Wednesday, 01 June 2005, 08:39
C O N F I D E N T I A L SECTION 01 OF 05 DUBLIN 000657 
EO 12958 DECL: 05/31/2015 
Classified By: Ambassador James C. Kenny for reasons 1.4 (b) and (d)
1. (C) During Special Envoy Mitchell Reiss’ visit to Ireland May 19-22, the Irish government emphasized that the Good Friday Agreement and the December 8 joint communique must be the basis for forward movement in the peace process. They anticipate an IRA response to Gerry Adams’ call to leave the scene within 60 days; they believe the focus must be kept on the IRA but do not have a specific list of steps the IRA must take as pre-conditions to serious negotiations. They believe serious talks will begin in September, but it could take until early 2006 to put the pieces in place, especially since the DUP would require a long period to verify IRA good behavior. GOI officials uniformly expressed concern that the UK’s political interest in showing progress might lead the UK to be too soft on Sinn Fein. Other issues raised include Irish unhappiness with the UK’s inquiry into the Finucane murder; the importance of a non-violent marching season in Northern Ireland; and concerns about IRA criminality. Reiss briefed on his meetings in London and Belfast and informed them of the USG’s decision to refuse a visa to Sinn Fein member Rita O’Hare.
2. (U) Mitchell Reiss met with the Taoiseach, PM Bertie Ahern; Foreign Minister Dermot Ahern, Justice Minister Michael McDowell; Finance Minister Brian Cowen; and, UK Ambassador Eldon. The Ambassador, DCM, POL/ECON Counselor, and S/P Special Assistant accompanied him to all meetings. Reiss and the Ambassador also had a private lunch with President and Dr. McAleese. END SUMMARY
3. (C) GOI concerns about UK “softness” represent a role reversal. Usually, it is the UK that is concerned Ireland will be too accommodating to Sinn Fein. The GOI’s eventual position will depend on the Taoiseach. He is generally considered “softer” on the provisional movement than either the Foreign Affairs or Justice Ministers. However, he believes Sinn Fein leaders were aware of plans to rob the Northern Bank even as they negotiated with him last Fall. Publicly, he has been unprecedentedly critical of Sinn Fein and, until recently, greatly reduced private contacts as well. We are told that Adams prefers to deal directly with the Taoiseach and not with cabinet ministers. In deciding how to move forward, the Taoiseach is likely to look carefully at the IRA’s response to Gerry Adams, given strong public feelings against IRA crime and paramilitarism. He is expected to call elections in 2007 or sooner. Having a deal in place would serve his political interests best; however, more failed attempts to reach a deal would hurt him electorally, particularly if he were seen to have been played by Sinn Fein. End Comment.
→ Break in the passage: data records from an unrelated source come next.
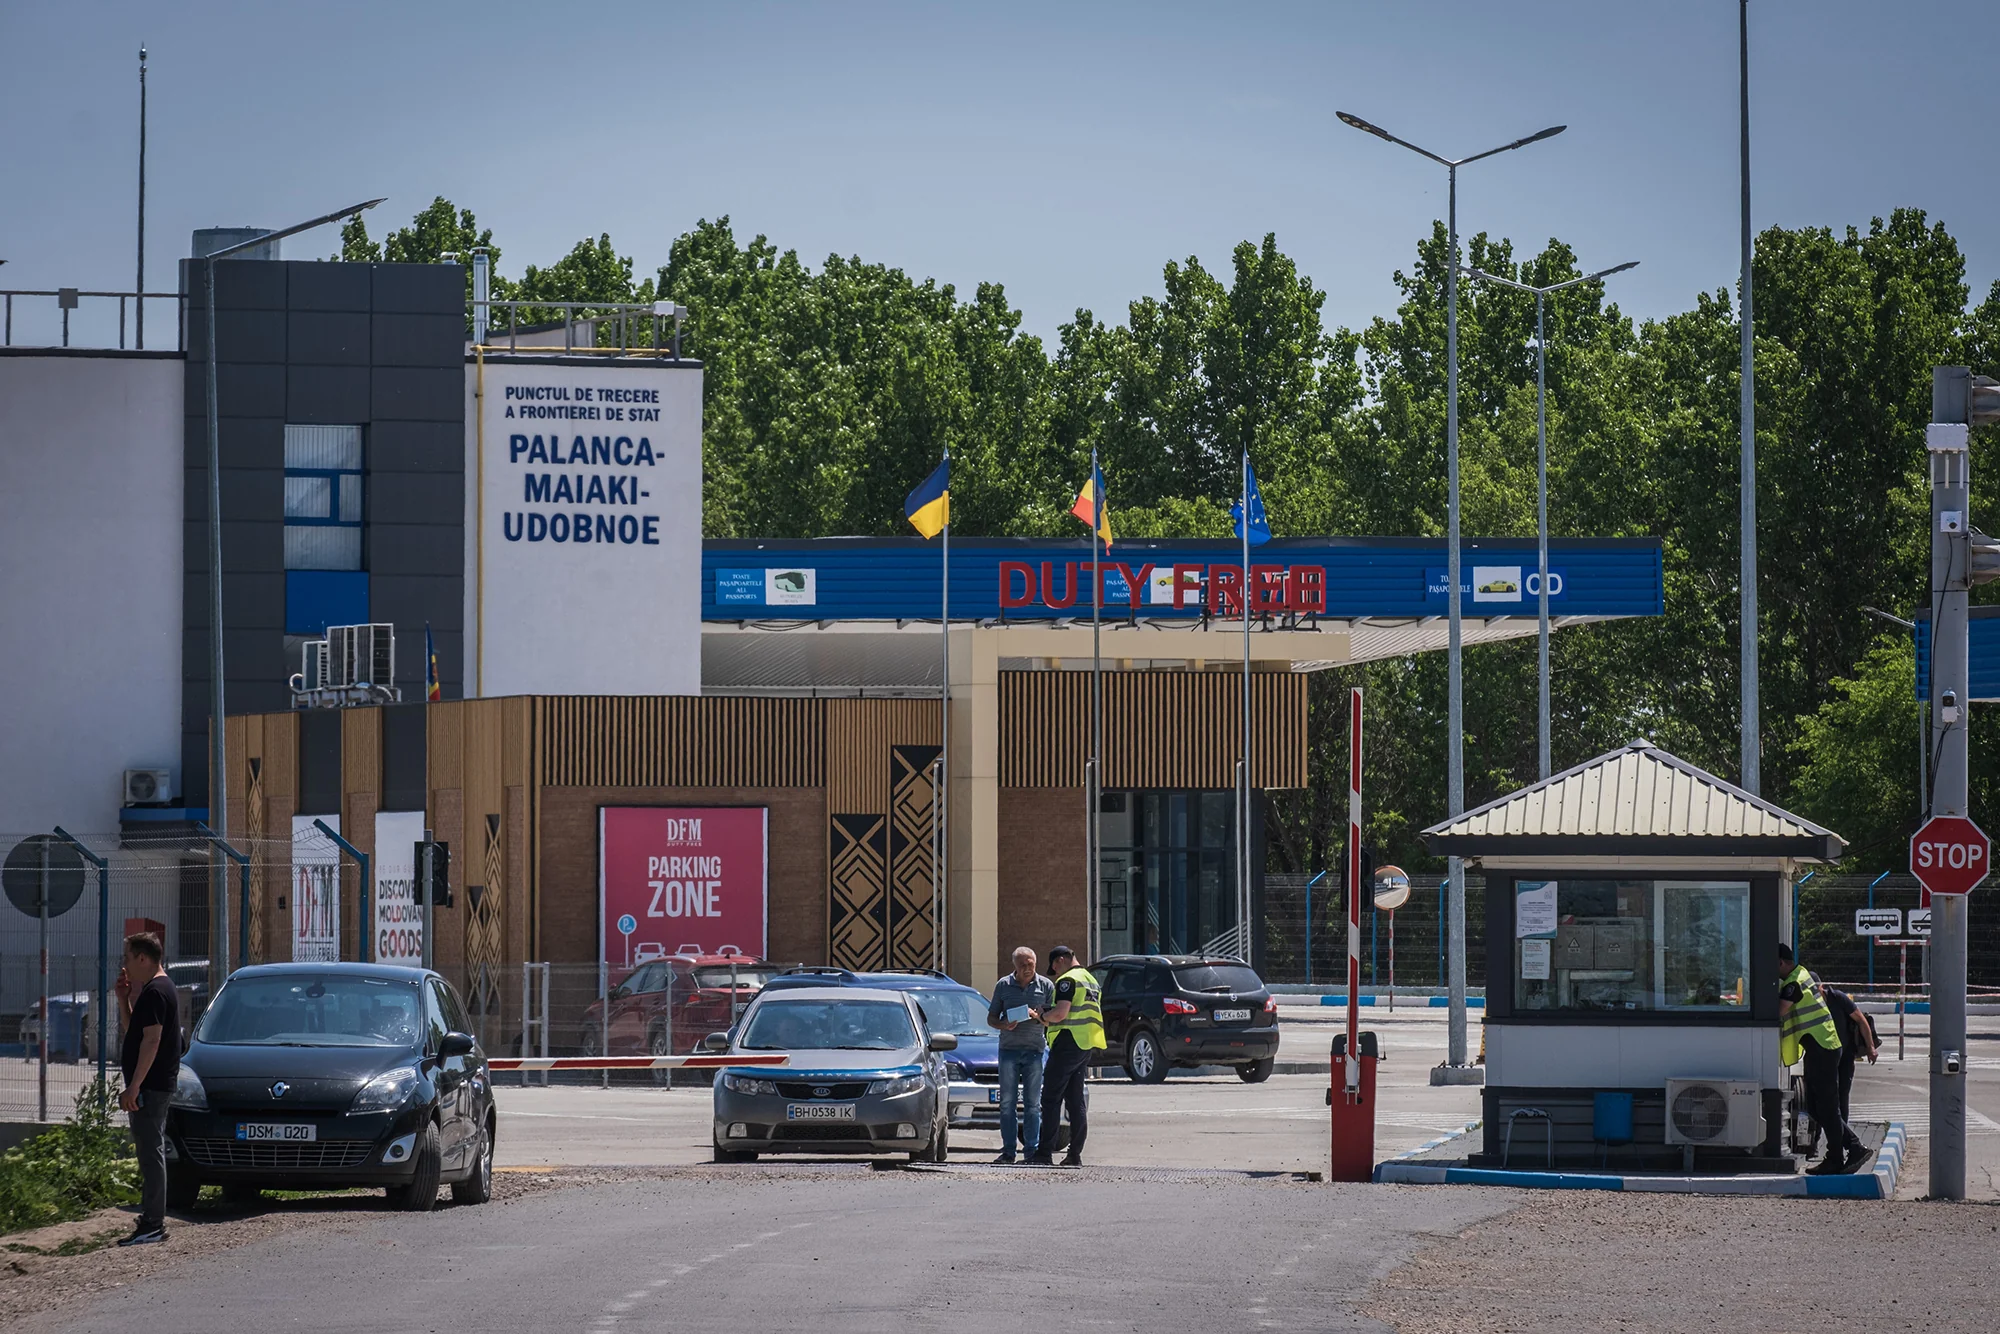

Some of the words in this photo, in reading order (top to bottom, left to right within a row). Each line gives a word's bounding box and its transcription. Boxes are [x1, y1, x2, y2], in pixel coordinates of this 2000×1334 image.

[505, 386, 570, 400] PUNCTUL
[575, 388, 593, 402] DE
[597, 389, 660, 403] TRECERE
[505, 406, 515, 418] A
[520, 406, 600, 420] FRONTIEREI
[605, 407, 624, 421] DE
[628, 408, 661, 422] STAT
[509, 434, 665, 466] PALANCA-
[524, 473, 650, 505] MAIAKI-
[503, 512, 660, 545] UDOBNOE
[999, 562, 1156, 609] DUTY
[1173, 564, 1322, 611] FREE
[1525, 573, 1563, 596] CD
[667, 818, 702, 841] DFM
[648, 856, 722, 878] PARKING
[1918, 842, 1983, 869] STOP
[379, 879, 415, 900] DISCOVE
[647, 880, 722, 917] ZONE
[379, 929, 422, 958] GOODS
[248, 1126, 273, 1138] DSM
[284, 1126, 309, 1139] 020
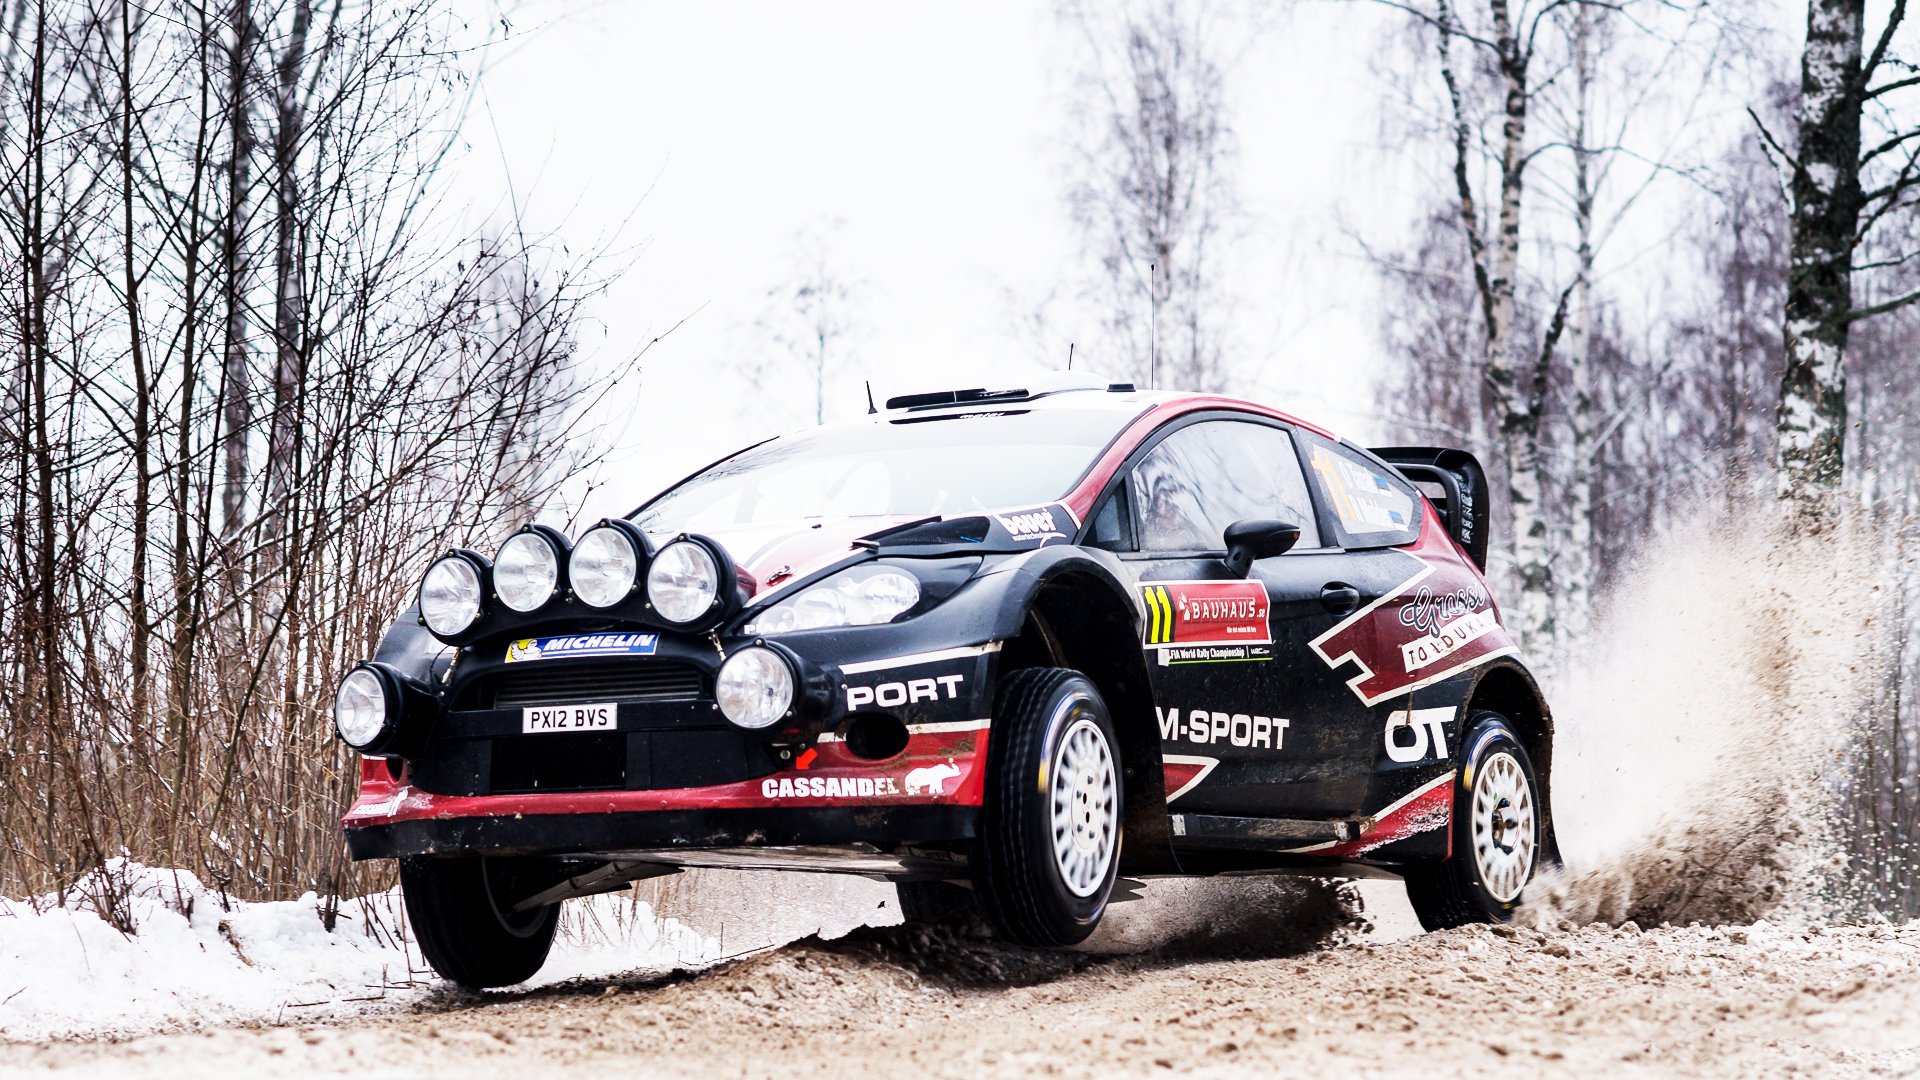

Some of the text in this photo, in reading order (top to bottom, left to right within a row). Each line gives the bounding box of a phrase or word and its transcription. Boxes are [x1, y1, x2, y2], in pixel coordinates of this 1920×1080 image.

[1144, 585, 1172, 643] 11
[544, 633, 655, 651] MICHELIN
[1181, 649, 1197, 660] World
[1197, 648, 1210, 660] Rally
[1210, 646, 1245, 660] Championship
[531, 708, 607, 729] PX12 BVS
[1155, 706, 1290, 750] M-SPORT
[1384, 705, 1458, 763] OT
[761, 777, 899, 798] CASSANDEL
4. (C) XXXXXXXXXXXX opened the meeting with an update of GOI actions. He said there had been very little GOI engagement with Sinn Fein since the talks broke down in December. He cited one meeting in January, one in March in Washington, and several private meetings between the Taoiseach and Gerry Adams. Significantly, he said the official feelings toward Sinn Fein had changed with all that has happened since December (Northern Bank robbery, money laundering, McCartney killing.)  XXXXXXXXXXXX said the GOI is interested in the Good Friday Agreement and not in any “lesser models or deals.” Following UK elections, the pace was picking up, he said, and he outlined a series of expected contacts with all parties. He said the GOI was pleased at PM Blair’s re-election, and that Sinn Fein is aware that this is Blair’s “last lap.” That, he said, plays both ways. Sinn Fein knows that no successor is likely to be as engaged in the process as Blair, and that he represents their best hope of a deal. On the other hand, Sinn Fein also believes they could take advantage of Blair’s interest in getting a deal before leaving office. Special Envoy Reiss, referring to his talks in London, said it is never good in a negotiation to appear more eager than the other side. XXXXXXXXXXXX said the UK had offered Sinn Fein a package following the December 8 breakdown, but withdrew it after the Northern Bank robbery. (Note: Sinn Fein has frequently expressed anger at the UK for “going back on its word.” While never specifically mentioning a post-December 8 package, during the negotiations, Sinn Fein seemed confident that the UK felt Sinn Fein’s decommissioning offer was worth taking up even if a comprehensive deal with the DUP was not reached.)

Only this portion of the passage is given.